Marta, outre que je te remercie officiellement de nous avoir si généreusement donné un peu de ton temps, j'ajoute une question dans les commentaires… Peux-tu nous en dire plus sur ce master de traduction de Lyon ? Merci à l'avance.

Marta Martínez Valls a dit…

Bonjour!
Avant tout, de rien, officiellement: cela me fait plaisir d'avoir un petit coin dans votre blog.
En ce qui concerne ce Master...
Sa création est assez récente (3-4 ans, je crois): il propose plusieurs options de spécialisation (catalan, espagnol, portugais, arabe...) et surtout il combine les aspects traduction et édition.
Les cours se divisaient en deux parties: la première était consacrée à l'édition critique (apprentissage des différents types d'édition, fiches de lecture à rédiger, revues de presse et étude des catalogues de maisons au choix), et la seconde à la traduction.
Nous avons reçu des cours théoriques sur les stratégies de la traduction, et avons assisté à des travaux dirigés avec des traducteurs littéraires: Philippe Dessommes, Sylvie Protin, Setty Moretti et Nathalie Dartai pour la partie espagnole.

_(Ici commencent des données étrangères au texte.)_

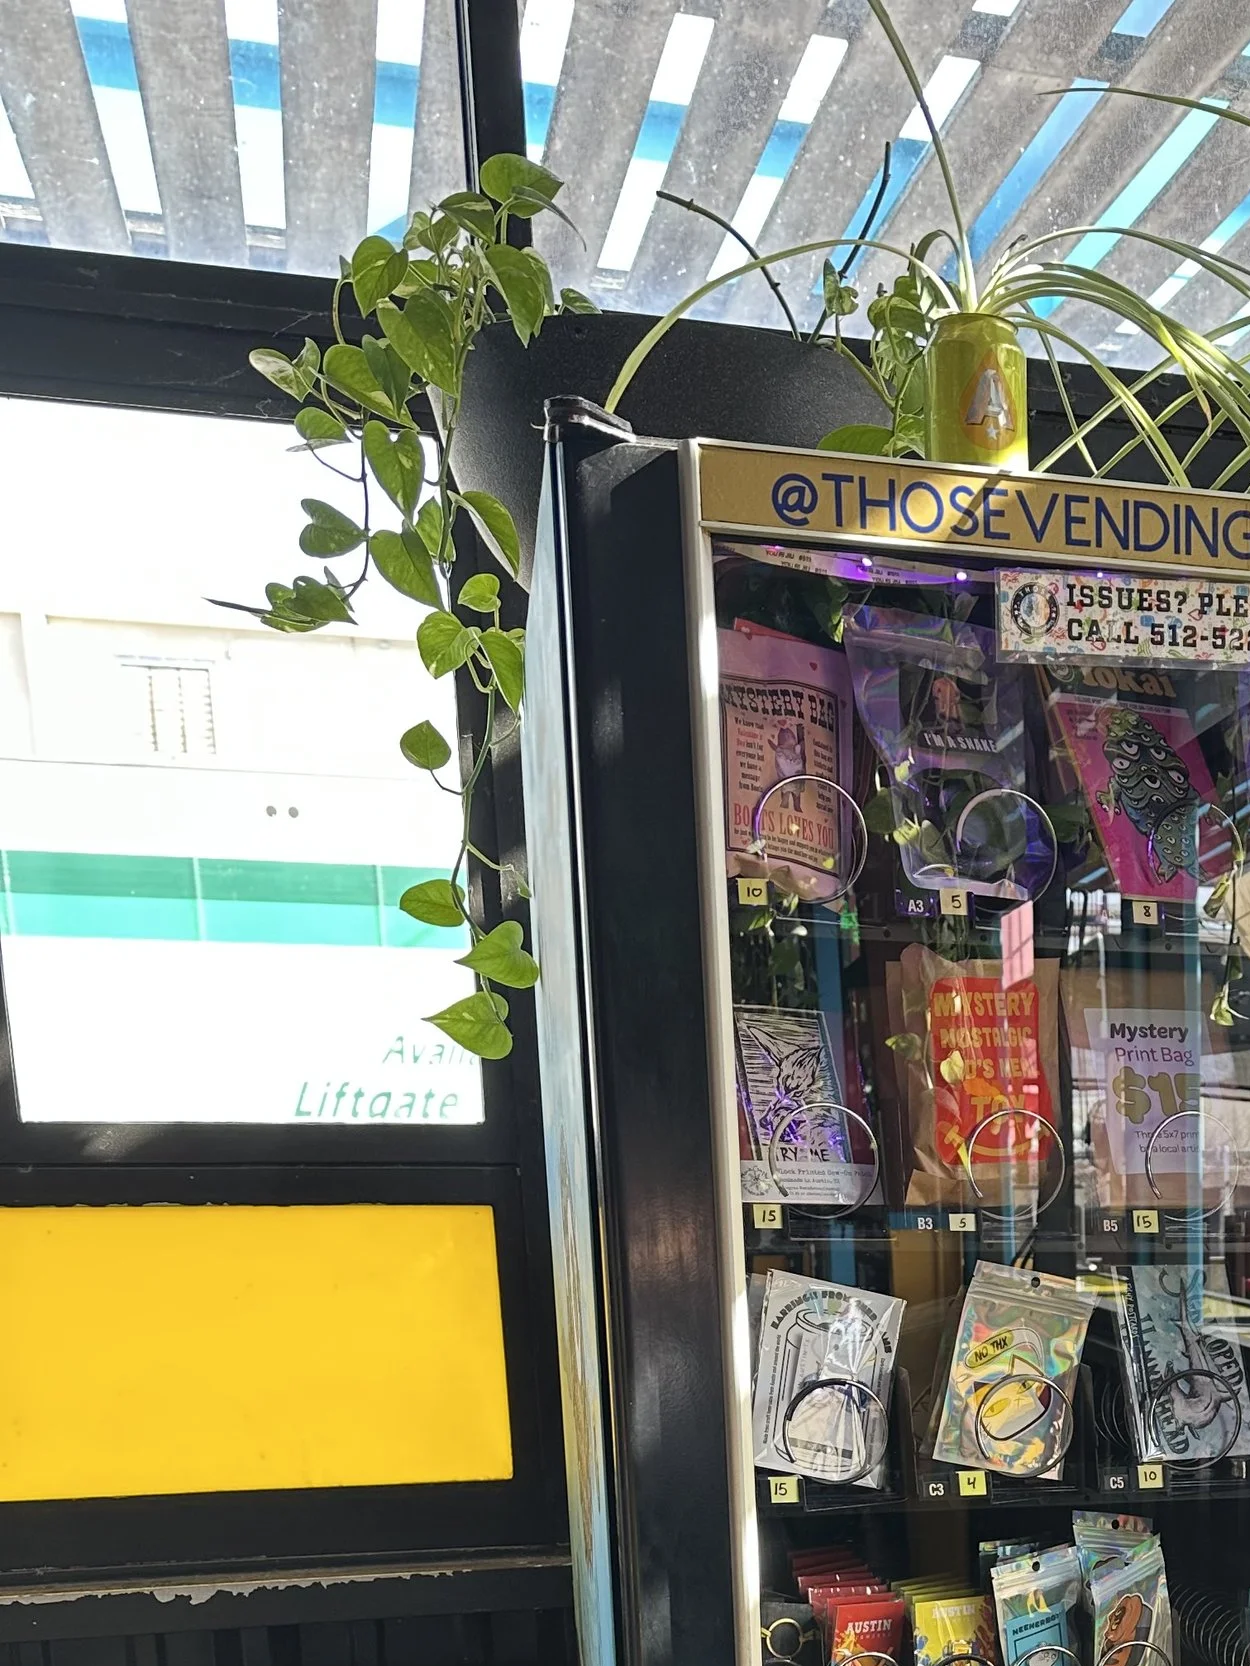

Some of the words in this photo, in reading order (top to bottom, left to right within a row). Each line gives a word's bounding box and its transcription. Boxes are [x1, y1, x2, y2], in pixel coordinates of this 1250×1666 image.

[1065, 583, 1188, 613] ISSUES?
[1066, 618, 1141, 646] CALL
[721, 684, 804, 719] MYSTERY
[808, 694, 834, 732] BAG
[923, 731, 945, 748] I'M
[957, 735, 998, 752] SNAKE
[734, 803, 774, 833] BOTS
[817, 823, 834, 850] YOU
[747, 886, 762, 898] 10
[907, 899, 924, 912] A3
[951, 895, 962, 909] 5
[1143, 905, 1152, 918] 8
[933, 992, 1035, 1017] MYSTERY
[1110, 1022, 1189, 1043] Mystery
[1115, 1045, 1158, 1062] Print
[1161, 1046, 1195, 1066] Bag
[1112, 1066, 1203, 1125] $15
[1163, 1130, 1179, 1139] 5x7
[809, 1148, 830, 1161] ME
[1160, 1144, 1180, 1153] local
[762, 1209, 776, 1222] 15
[1137, 1215, 1152, 1228] 15
[917, 1217, 933, 1230] B3
[958, 1218, 967, 1229] 5
[1103, 1219, 1118, 1232] B5
[974, 1346, 989, 1363] NO
[990, 1335, 1009, 1354] THX
[1109, 1476, 1125, 1489] C5
[1144, 1470, 1157, 1482] 10
[773, 1482, 788, 1496] 15
[928, 1483, 945, 1496] C3
[967, 1476, 976, 1490] 4
[846, 1619, 893, 1634] AUSTIN

Ces derniers nous soumettaient des textes, que nous devions traduire chacun de notre côté, et que nous revoyions ensuite en classe. Ces cours étaient marqués par la diversité des auteurs et les genres employés : l’ensemble de nos productions a fait l’objet, par la suite, de la création d’un ouvrage collectif (« Terres d’ex-pressions ») pour lequel nous avons également mis en application les enseignements que nous avions suivis au cours de notre formation en édition critique (à charge d’Anne-Claire Gilson).

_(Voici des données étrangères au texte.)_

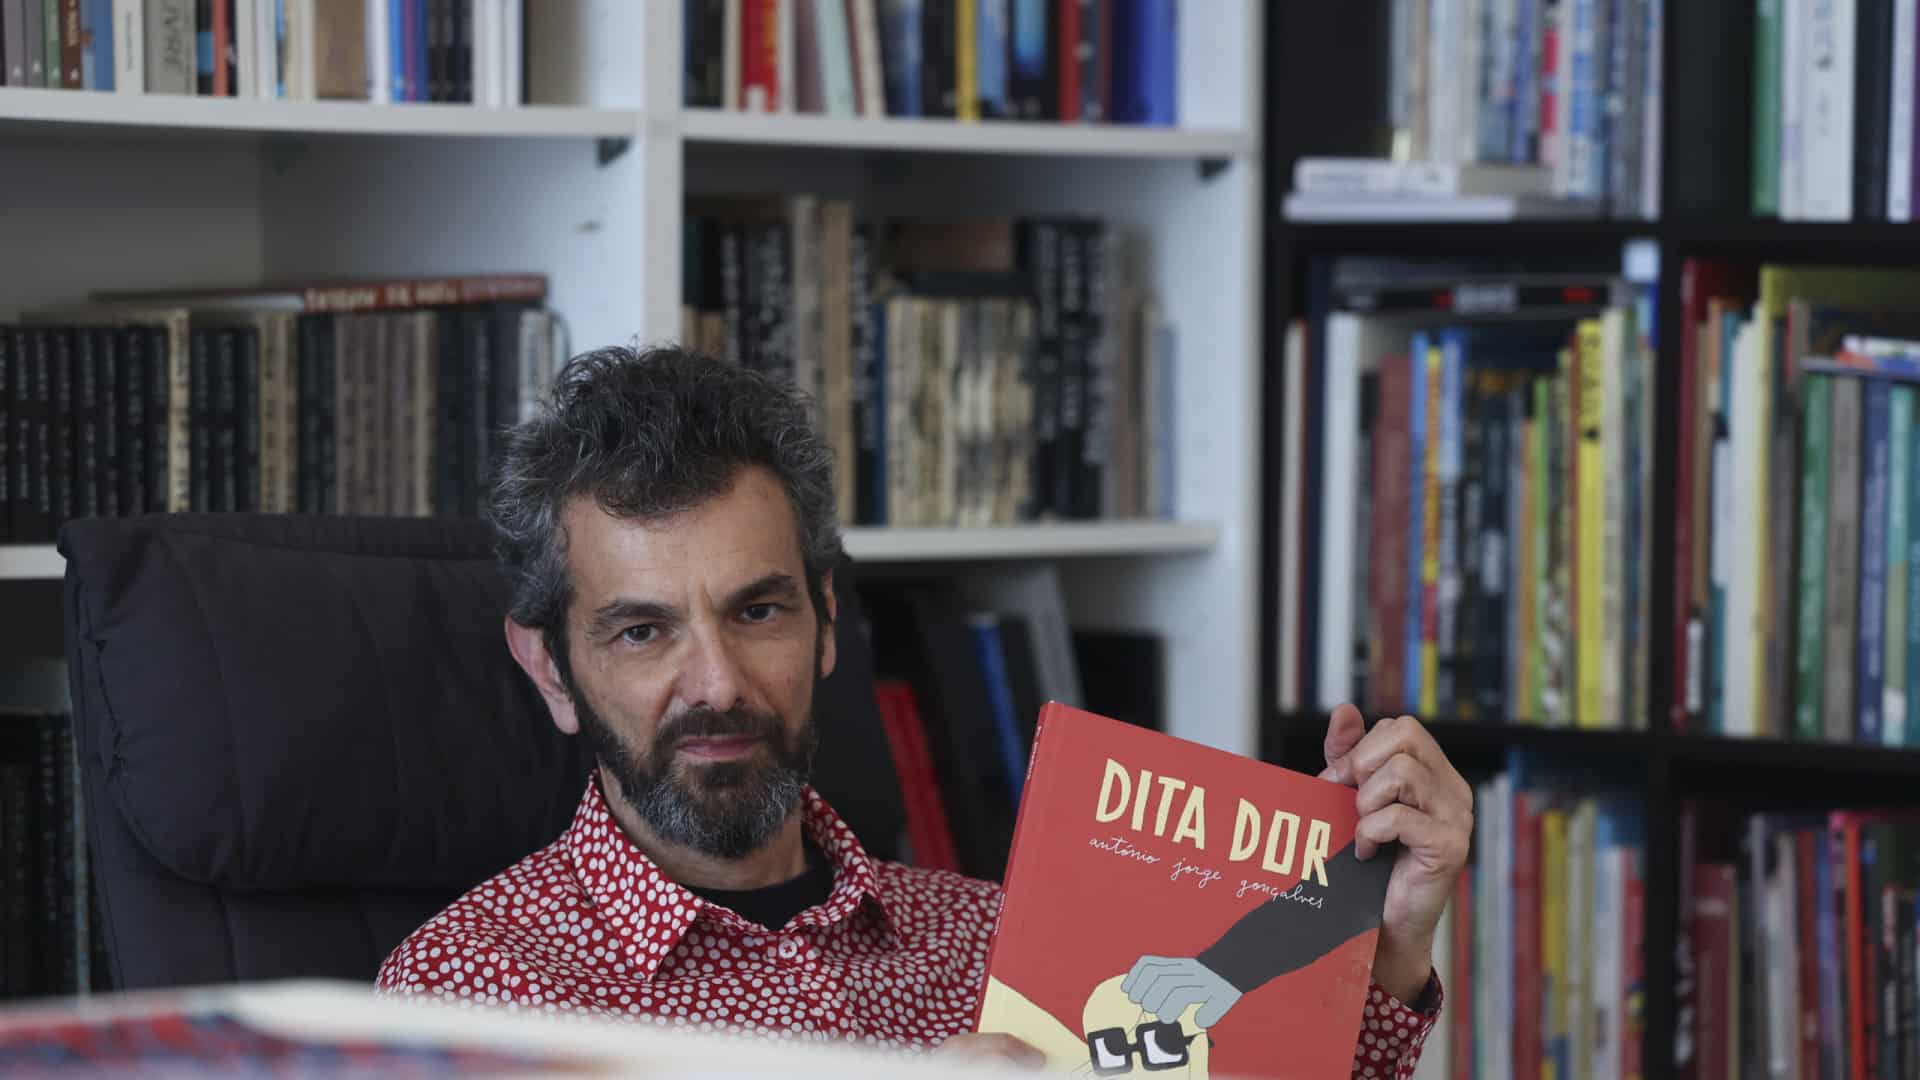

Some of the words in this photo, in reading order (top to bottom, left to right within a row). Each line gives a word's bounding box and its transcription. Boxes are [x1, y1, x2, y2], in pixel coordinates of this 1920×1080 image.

[1096, 758, 1205, 850] DITA
[1229, 798, 1331, 887] DOR
[1089, 837, 1160, 864] antónio
[1170, 857, 1222, 888] jorge
[1236, 879, 1324, 909] gonçalves

A cela s’ajoutaient des rencontres avec des traducteurs, des représentants de l’ATLF, ainsi que des ateliers d’écriture, animés par différents auteurs.
Dans l'ensemble, ces cours se fondaient sur l'idée de partage et d'échanges constants entre professeurs et étudiants (une base de données avait été créée à cet effet), et exigeaient à la fois un grand travail en autonomie.
Le deuxième semestre était consacré à un stage en entreprise (maison d'éditions en priorité), et à la rédaction d'un mémoire de traduction.
Ce dernier nécessitait un engagement premier: le choix du type de traduction que nous allions faire. Nous devions décider entre plusieurs profils: grand public, jeunesse, éditeur indépendant, traduction à caractère scientifique, création de revues...
Chacun de ces volets impliquait plusieurs démarches (auprès des éditeurs et des auteurs, notamment).
En ce qui me concerne, je me suis orientée vers le quatrième (édition critique des nouvelles d’Unamuno) ; les exigences étaient forcément différentes.
J’ai également établi un dossier d’annexes à mon rapport sur le stage effectué à La Clé des langues : ils pouvaient se ranger plutôt du côté "création de revues" et "éditeur indépendant".
C’est un Master intéressant à maints égards : pour ma part, et étant donnés mes travaux, je pense en avoir tiré un grand profit.